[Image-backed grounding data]
================
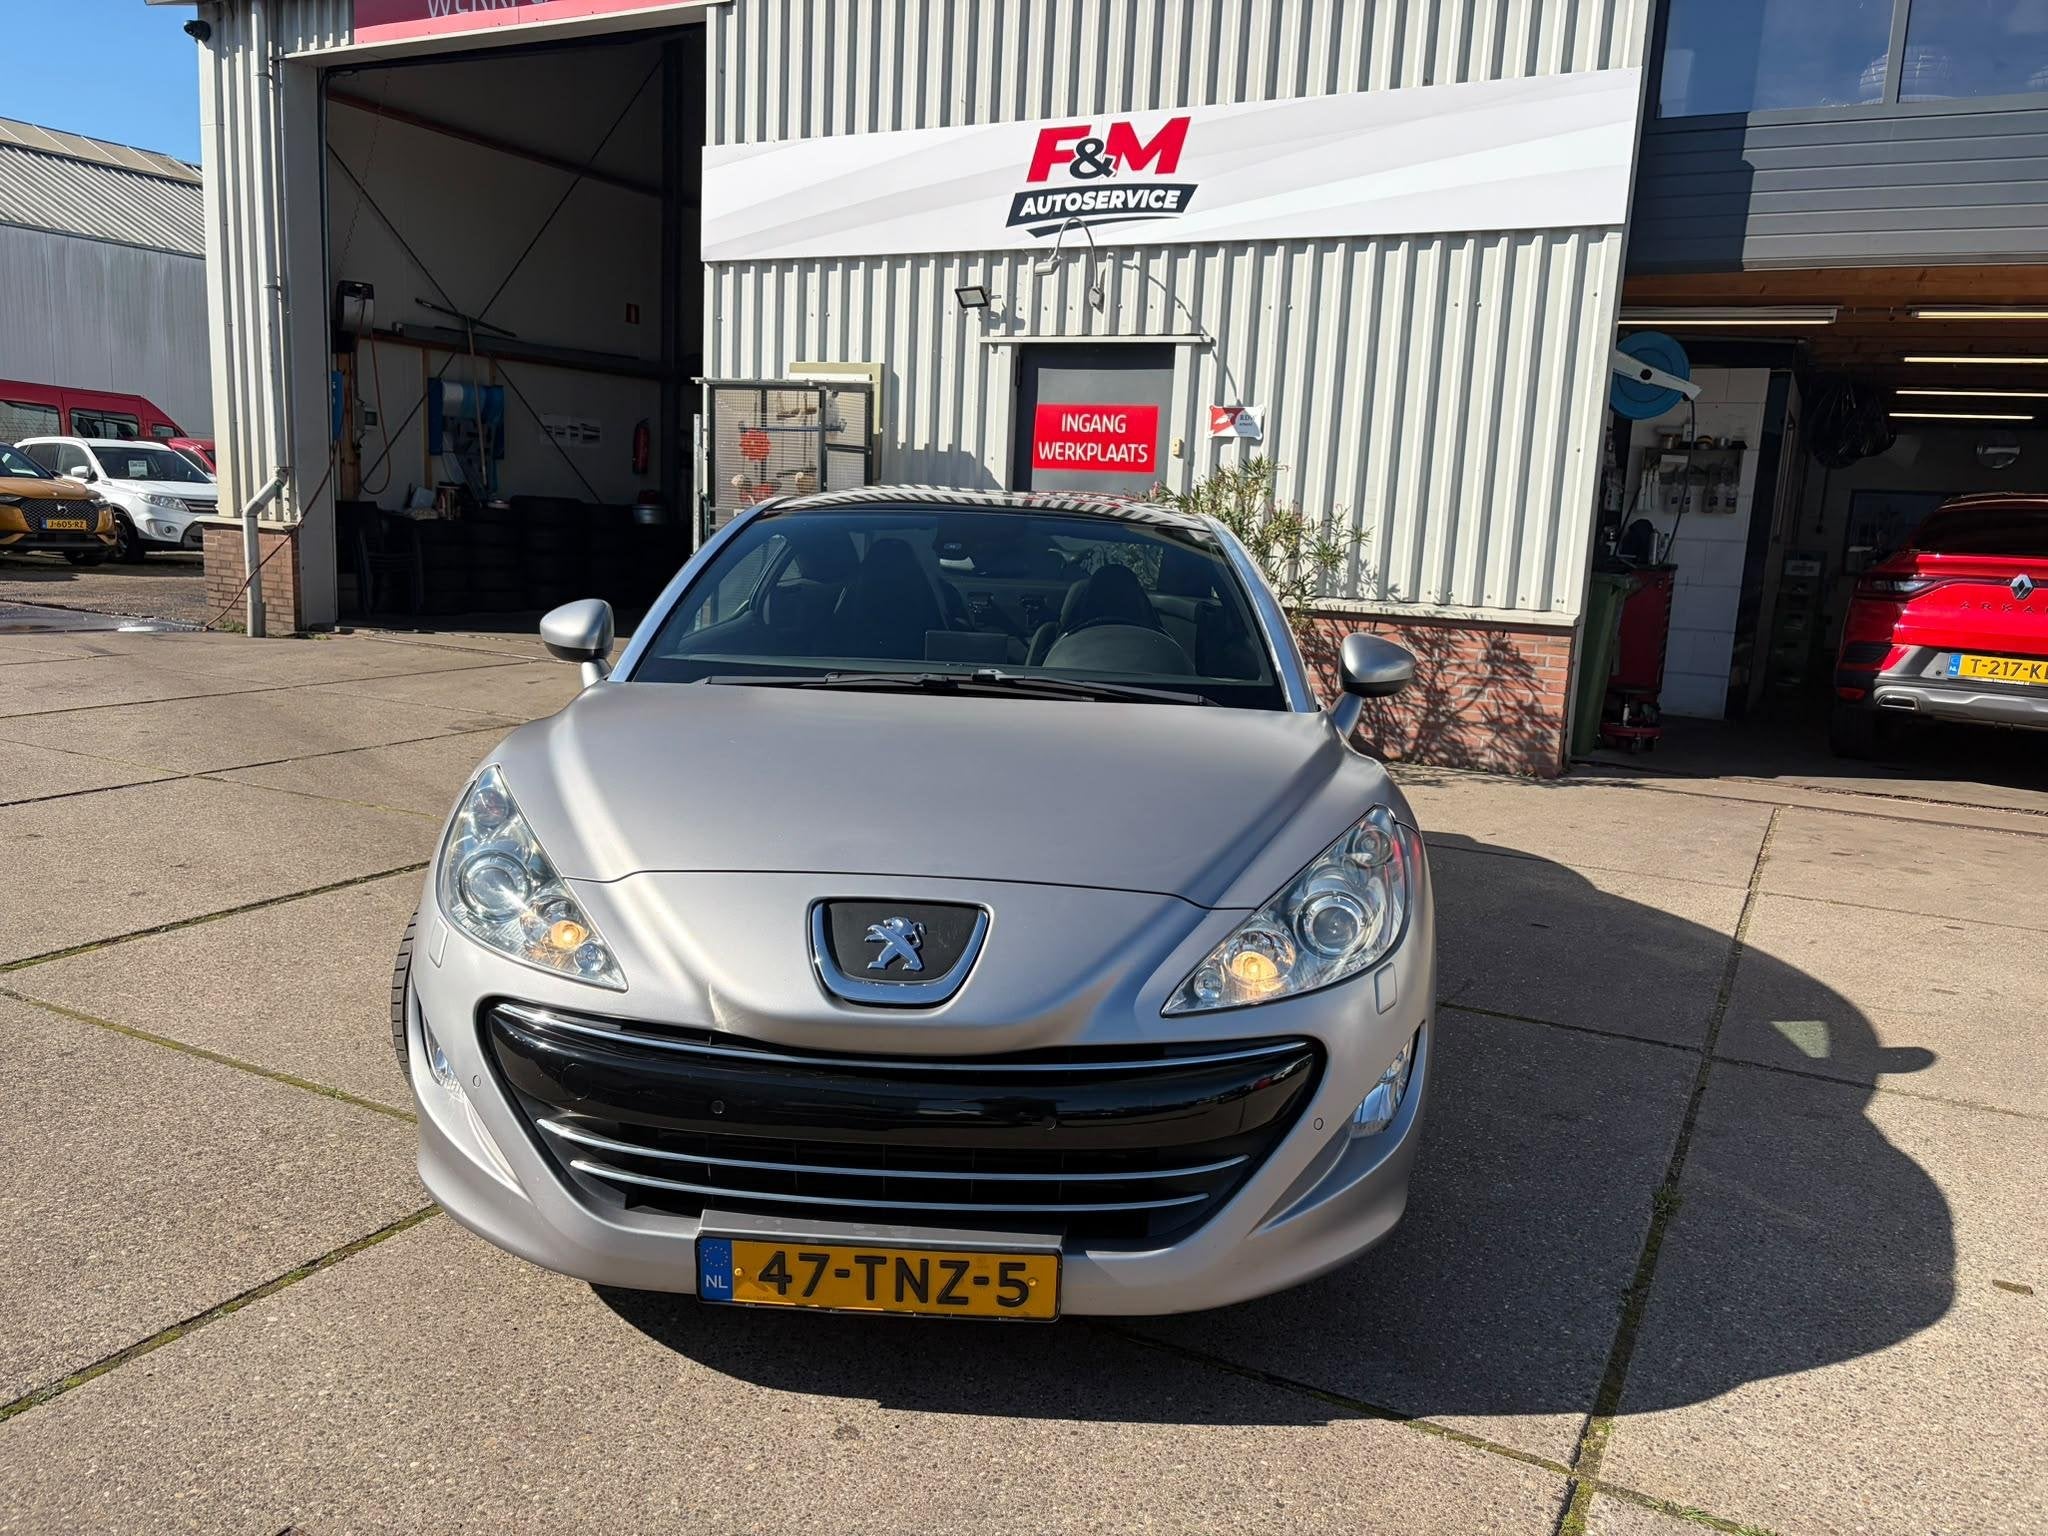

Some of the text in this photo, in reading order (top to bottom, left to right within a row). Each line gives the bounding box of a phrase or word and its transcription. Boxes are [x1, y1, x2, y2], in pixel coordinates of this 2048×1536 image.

[1026, 116, 1191, 183] F&M
[1019, 189, 1181, 216] AUTOSERVICE
[1061, 413, 1127, 433] INGANG
[1038, 442, 1148, 463] WERKPLAATS
[49, 520, 84, 528] J-605-RZ
[1960, 600, 2048, 614] ARKA
[705, 1250, 1030, 1308] NL 47-TNZ-5
================
[TASK TO CARRY OUT] When you retype the records, keep every word exactly as written and exclude the pictures.

[ANSWER TO THIS PROBLEM]
Some of the text in this photo, in reading order (top to bottom, left to right within a row). Each line gives the bounding box of a phrase or word and its transcription. Boxes are [x1, y1, x2, y2], in pixel coordinates of this 2048×1536 image.

[1026, 116, 1191, 183] F&M
[1019, 189, 1181, 216] AUTOSERVICE
[1061, 413, 1127, 433] INGANG
[1038, 442, 1148, 463] WERKPLAATS
[49, 520, 84, 528] J-605-RZ
[1960, 600, 2048, 614] ARKA
[705, 1250, 1030, 1308] NL 47-TNZ-5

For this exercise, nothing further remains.